Ridley, a British journalist who has written extensively about science, economics, and technological progress, begins by explaining the fundamentals of biological evolution by natural selection: Biological complexity evolves through random mutation followed by non-random survival. Ridley then argues that the Darwinian process is a "special theory of evolution" embedded in a more "general theory of evolution that applies to much more than biology."

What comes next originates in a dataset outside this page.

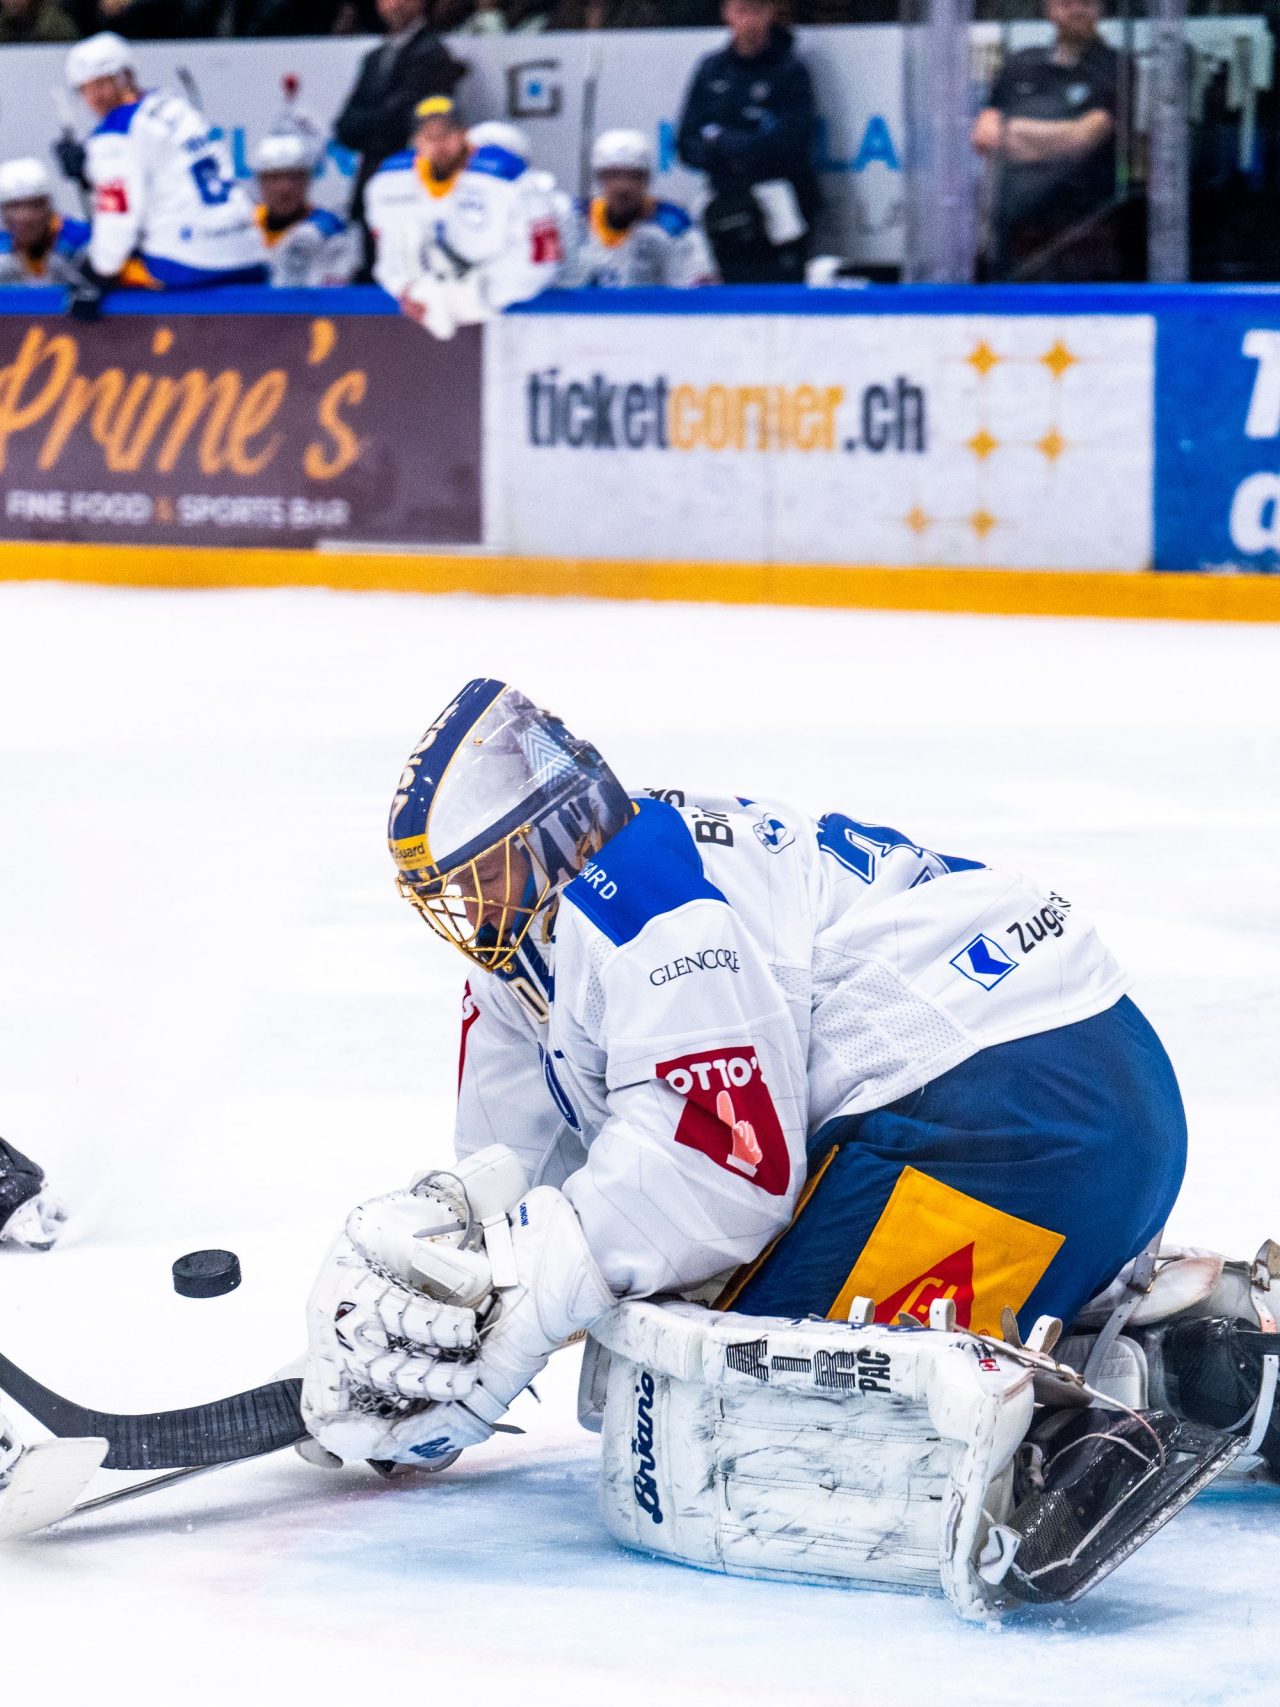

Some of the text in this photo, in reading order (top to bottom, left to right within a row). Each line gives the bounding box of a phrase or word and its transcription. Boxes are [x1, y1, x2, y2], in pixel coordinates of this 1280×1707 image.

Decentralized evolution by trial and error, Ridley asserts, is the chief way improvements have emerged in all sorts of human endeavor, including "morality, the economy, culture, language, technology, cities, firms, education, history, law, government, God, money, and society." As the 18th century Scottish philosopher Adam Ferguson argued, these phenomena are the result of human action but not of human design. By book's end, Ridley has adeptly dismantled all forms of creationism, divine and progressive.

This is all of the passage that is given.